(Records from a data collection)
************
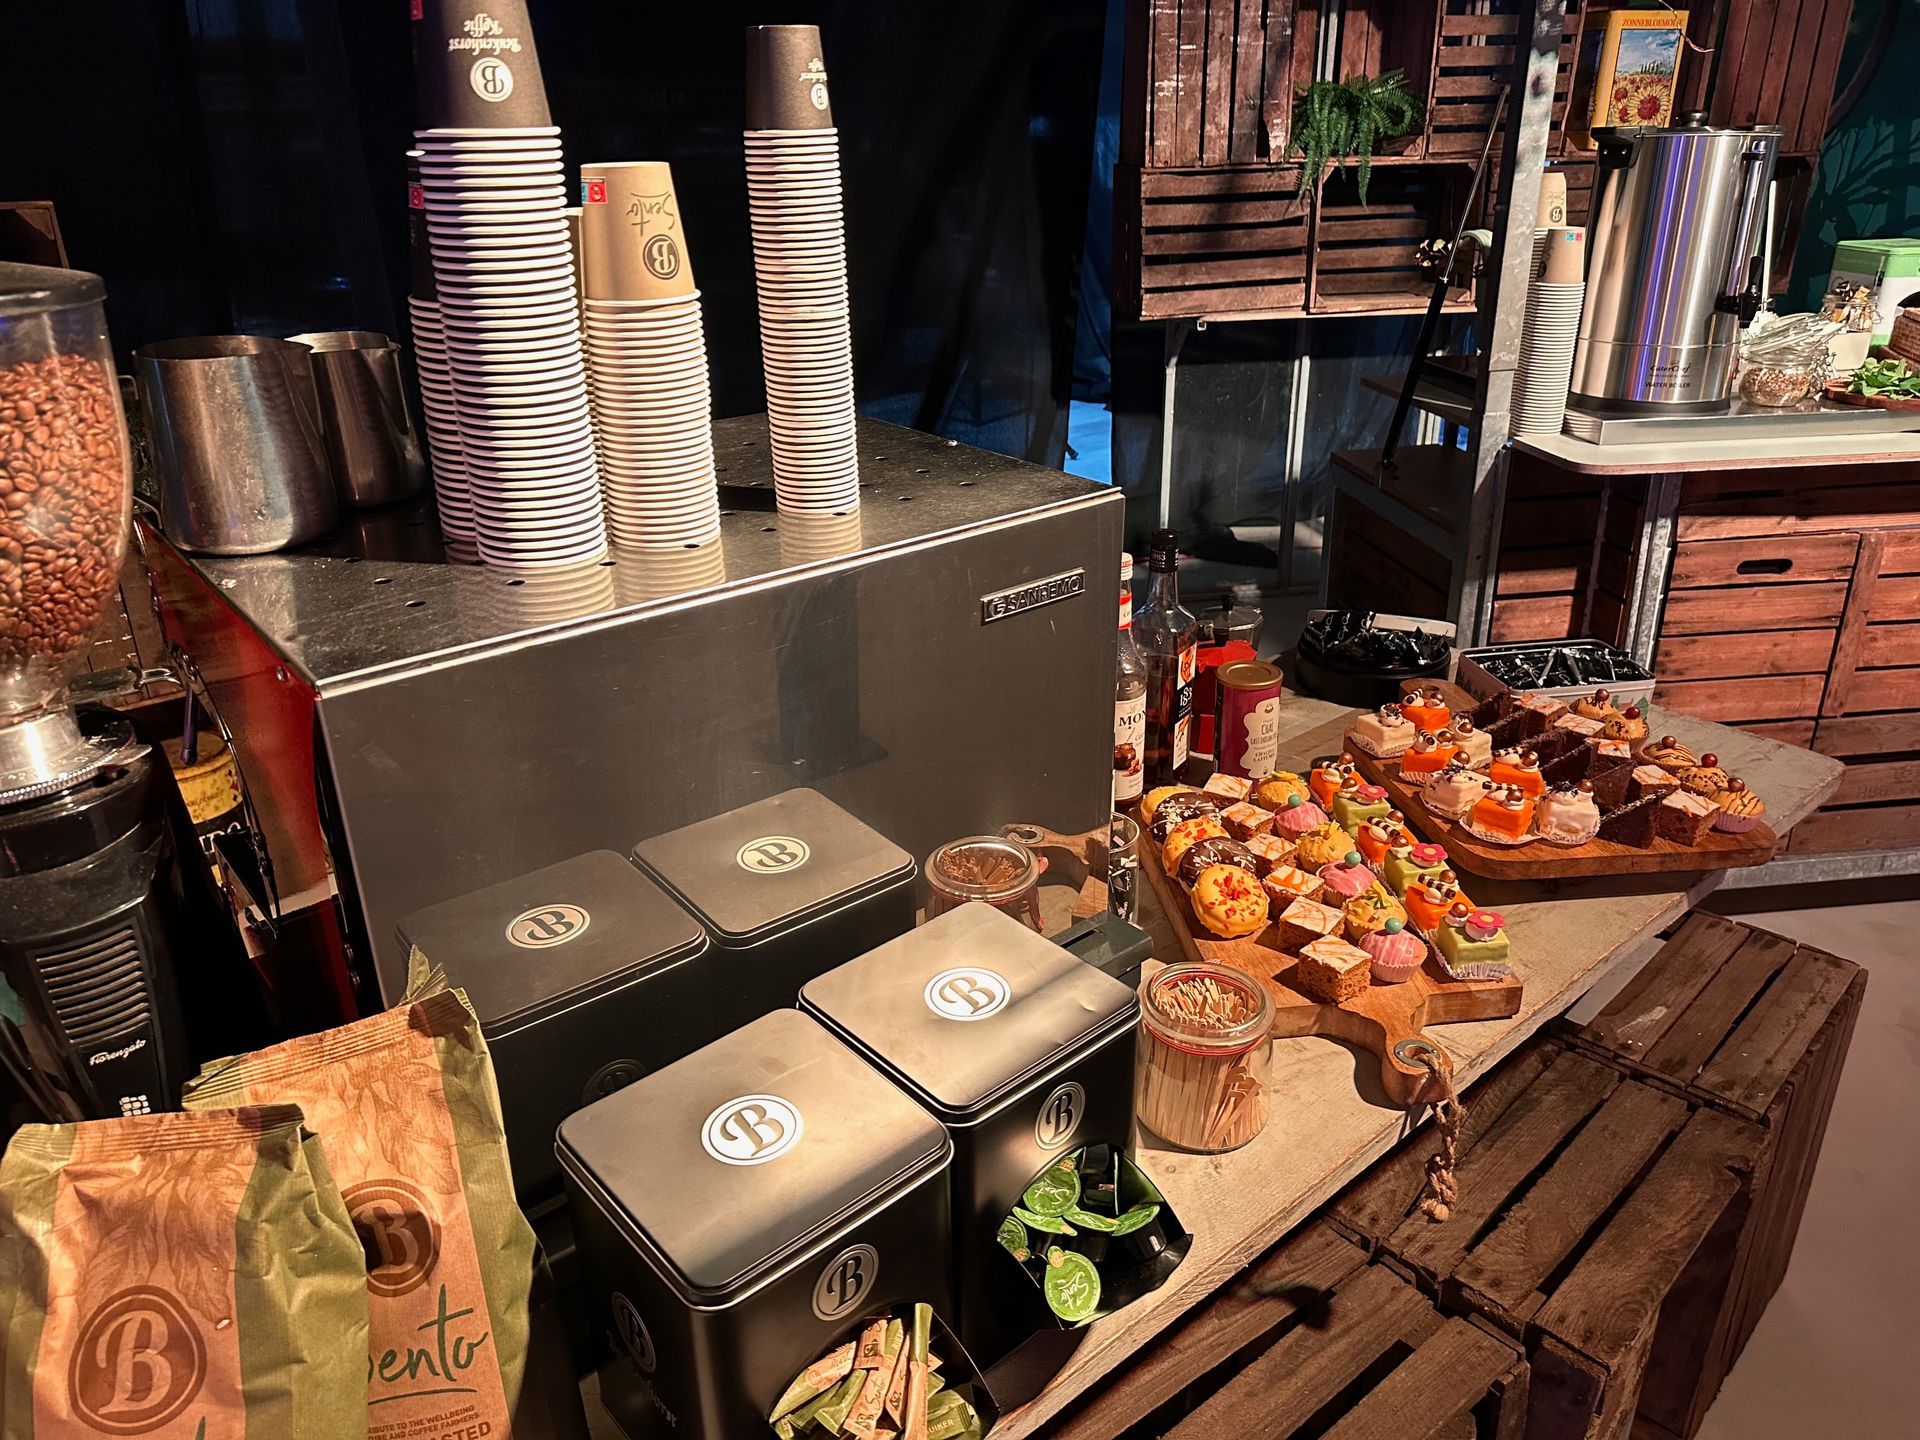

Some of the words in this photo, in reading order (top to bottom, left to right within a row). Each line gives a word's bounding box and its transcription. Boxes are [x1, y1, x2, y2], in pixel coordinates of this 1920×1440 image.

[463, 13, 504, 38] Koffie
[448, 37, 522, 55] Beukenhorst
[626, 192, 675, 237] Sento
[1650, 362, 1692, 374] CaterCef
[1008, 575, 1081, 610] SANREMO
[89, 1039, 147, 1066] Fiorenzato
[1061, 1271, 1089, 1310] Sento
[865, 1374, 885, 1410] Sento
[389, 1429, 406, 1440] AND
[407, 1424, 439, 1437] COFFEE
[440, 1411, 480, 1430] FARMERS
[397, 1422, 408, 1430] TO
[408, 1419, 425, 1427] THE
[426, 1404, 475, 1423] WELLBEING
[927, 1419, 954, 1434] UIKER
[430, 1421, 492, 1440] STED
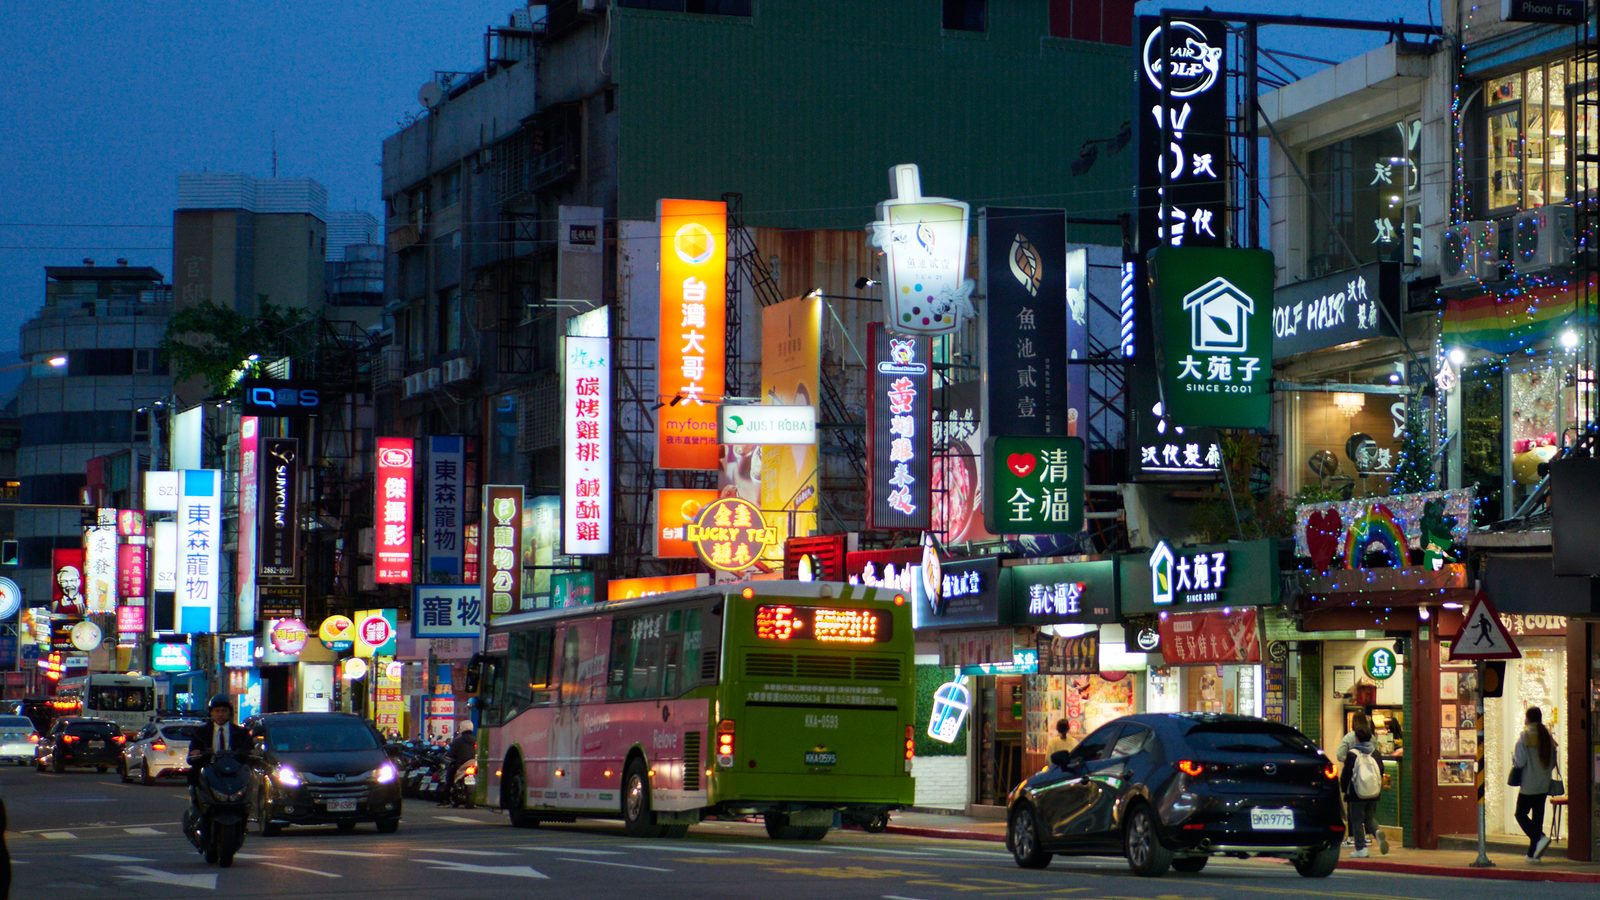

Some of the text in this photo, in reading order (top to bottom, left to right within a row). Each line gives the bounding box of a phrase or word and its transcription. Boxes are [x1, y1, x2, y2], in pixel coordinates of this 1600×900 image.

[1522, 2, 1573, 16] Phone Fix
[1273, 292, 1345, 337] OLF HAIR
[681, 277, 707, 406] 台灣大哥大
[1017, 307, 1037, 418] 魚池貳壹
[1177, 355, 1261, 381] 大苑子
[1186, 384, 1252, 393] SINCE 2001
[666, 418, 717, 432] myfone
[746, 420, 775, 432] JUST
[435, 460, 457, 551] 東森寵物
[689, 525, 775, 544] LUCKY TEA
[186, 504, 210, 600] 東森寵物
[492, 527, 515, 614] 寵物公園
[1176, 552, 1226, 591] 大苑子
[422, 595, 481, 627] 寵物
[1029, 583, 1080, 614] 清心福全
[1252, 813, 1293, 826] BKR-9775
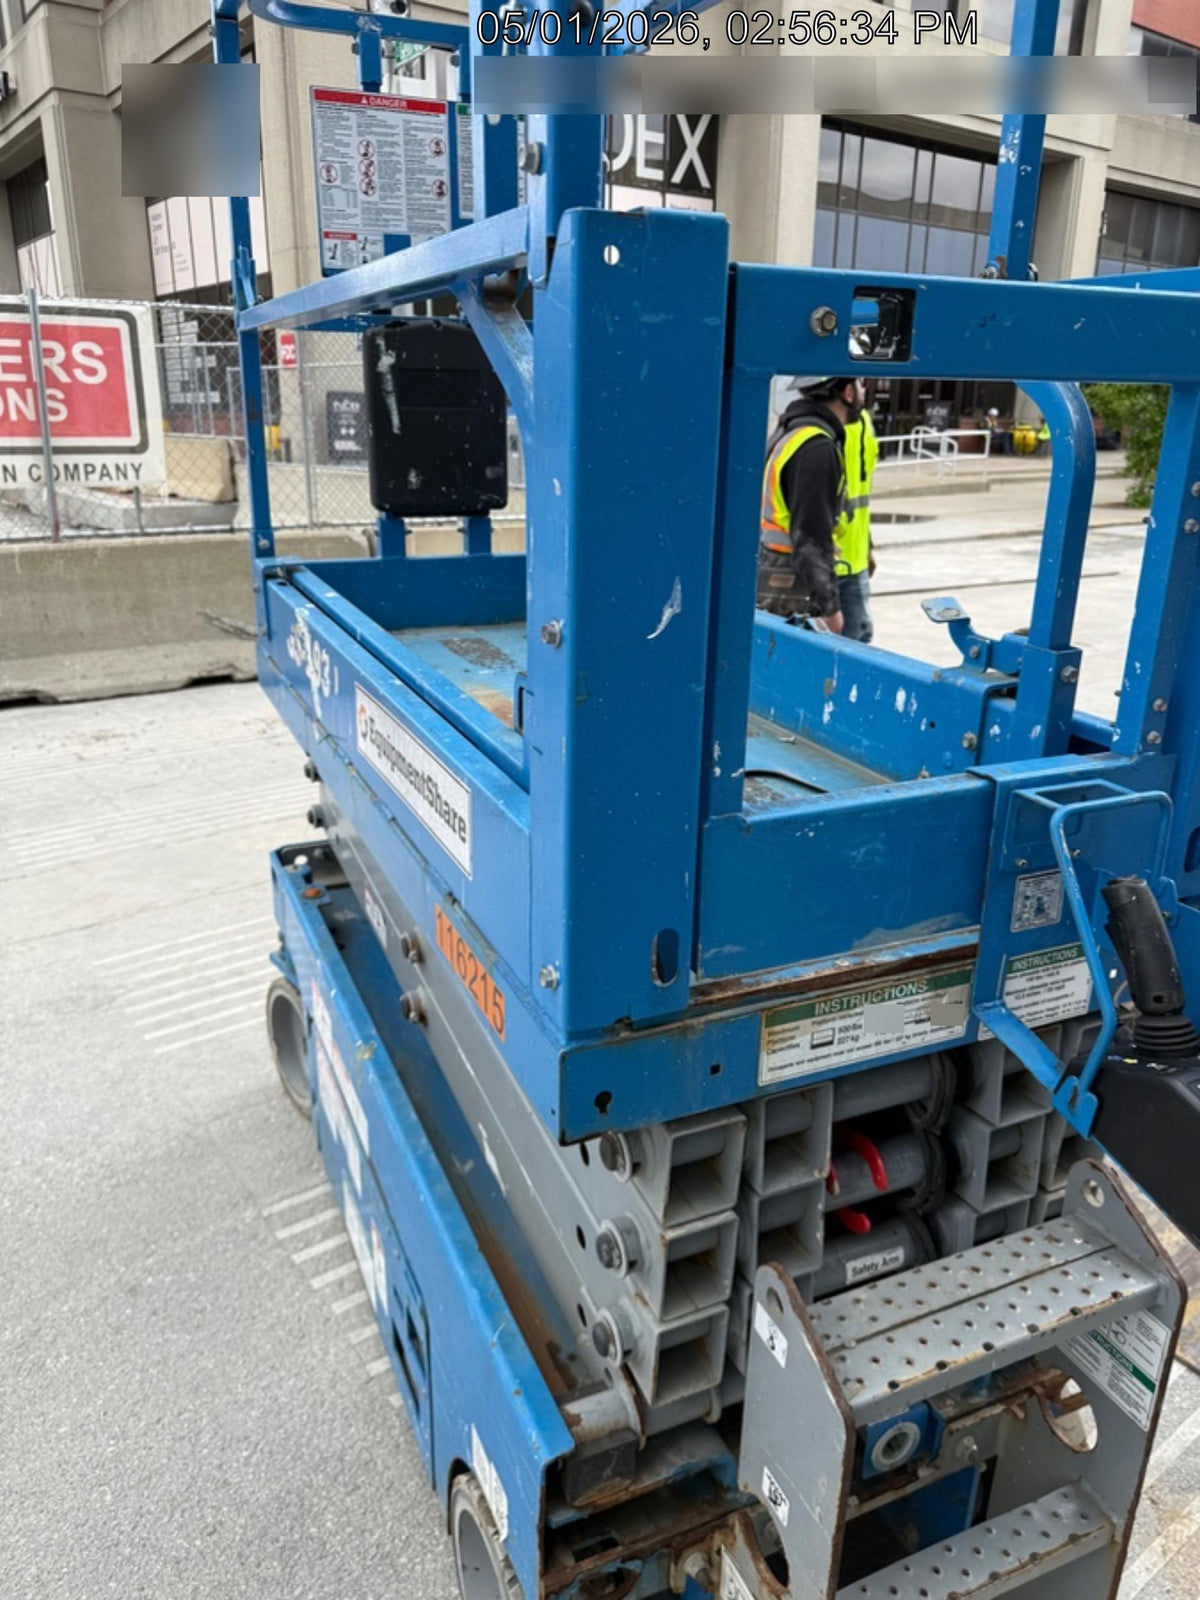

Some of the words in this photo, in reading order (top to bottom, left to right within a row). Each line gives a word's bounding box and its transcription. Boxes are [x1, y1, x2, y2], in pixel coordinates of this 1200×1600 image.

[0, 387, 69, 422] NS
[369, 717, 467, 844] EquipmentShare
[435, 909, 506, 1036] 116215
[813, 980, 929, 1017] INSTRUCTIONS
[851, 1262, 879, 1278] Safety
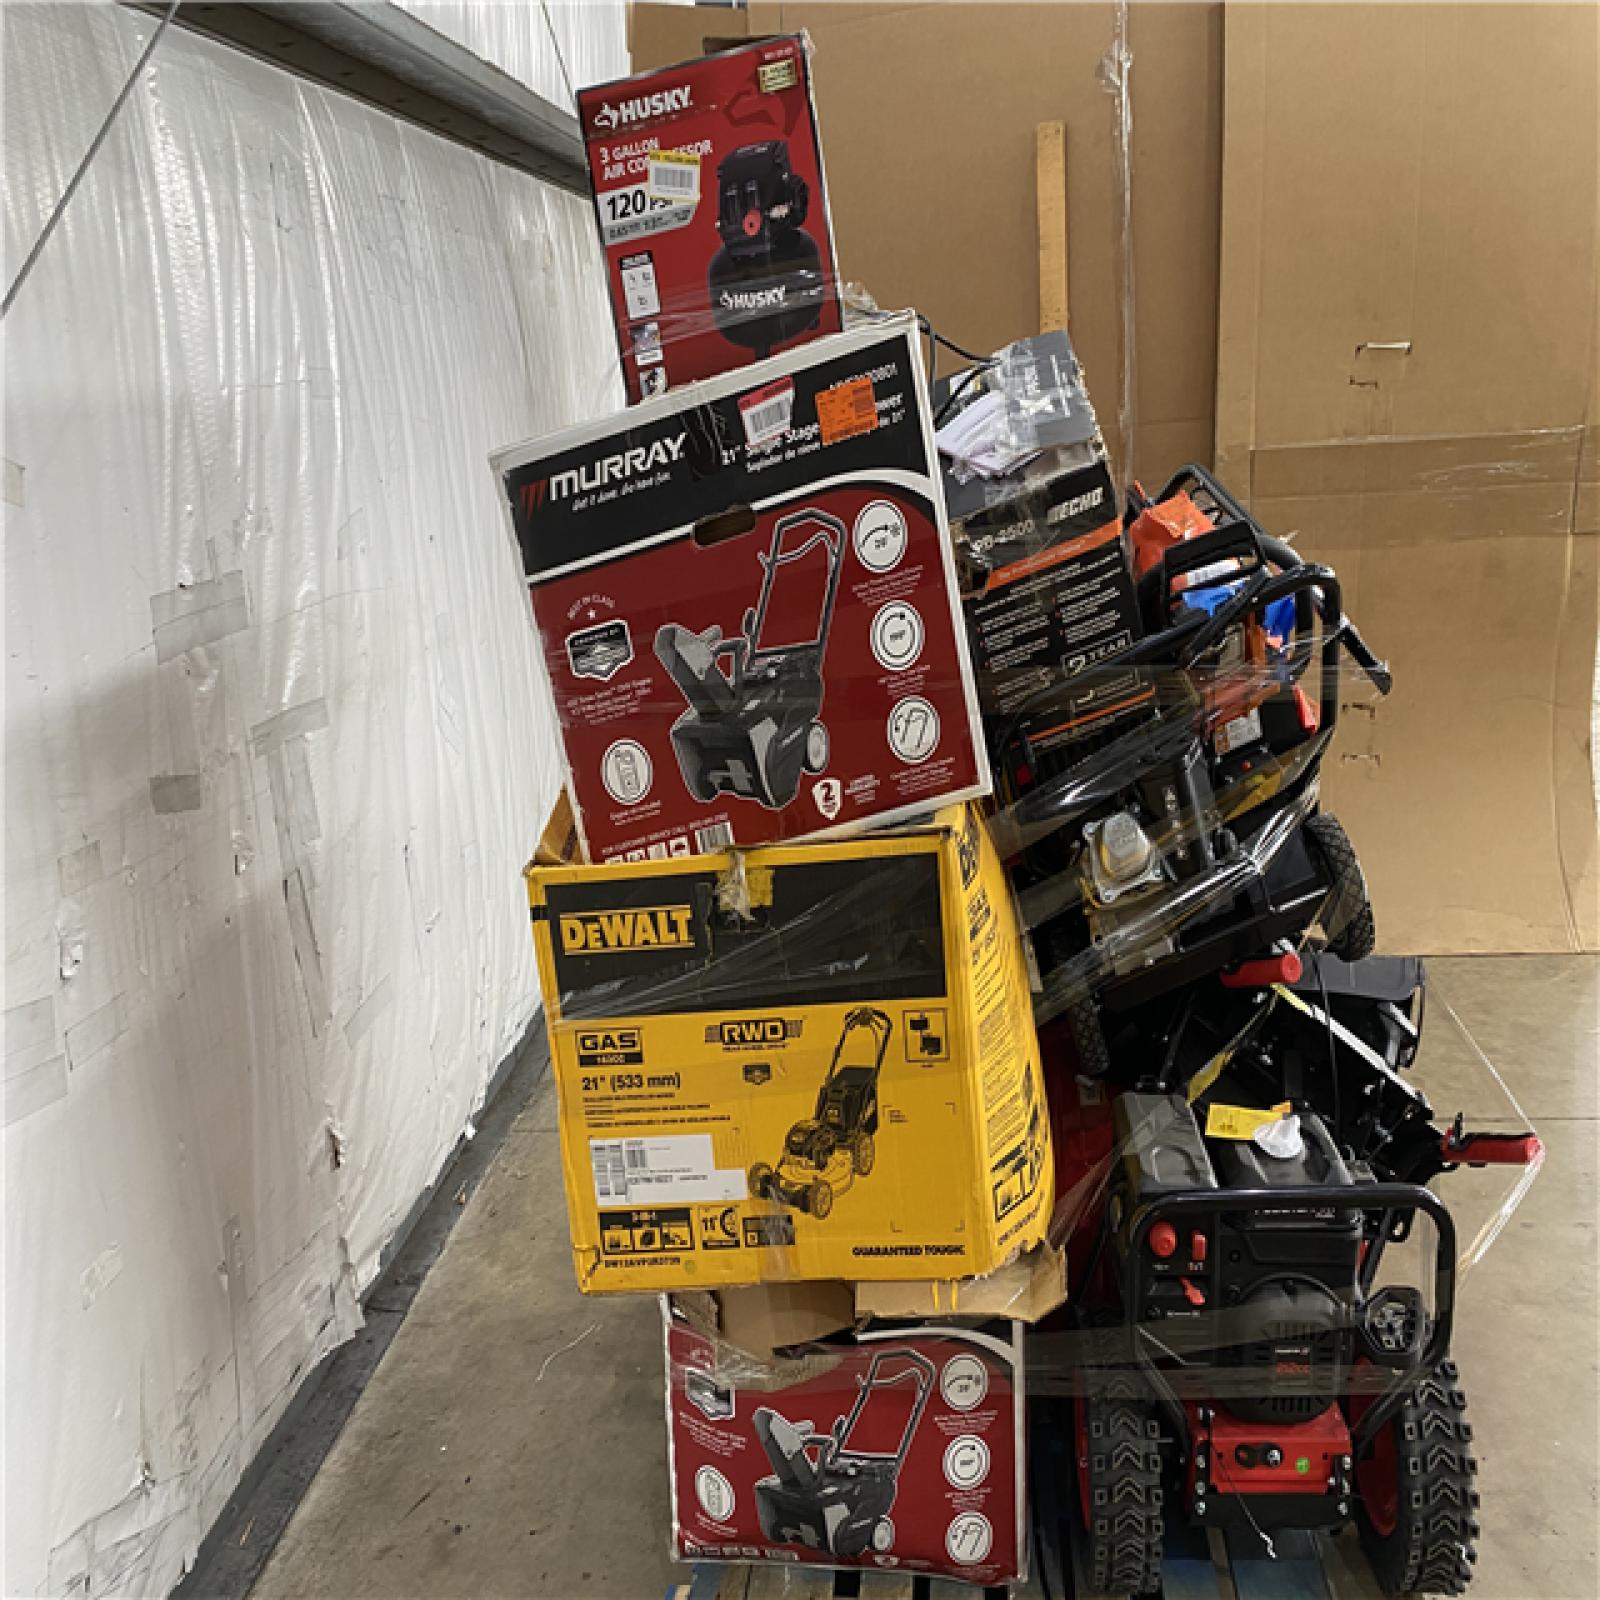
************
With pictures left out, repeat exactly the lines from the line bearing "this 1200×1600 image." through the final line of the records above.

**Output**
Some of the words in this photo, in reading order (top to bottom, left to right within a row). Each line gives a word's bounding box and its transcription. Boxes are [x1, y1, x2, y2], in pixel coordinates of this 1200×1600 image.

[0, 387, 69, 422] NS
[369, 717, 467, 844] EquipmentShare
[435, 909, 506, 1036] 116215
[813, 980, 929, 1017] INSTRUCTIONS
[851, 1262, 879, 1278] Safety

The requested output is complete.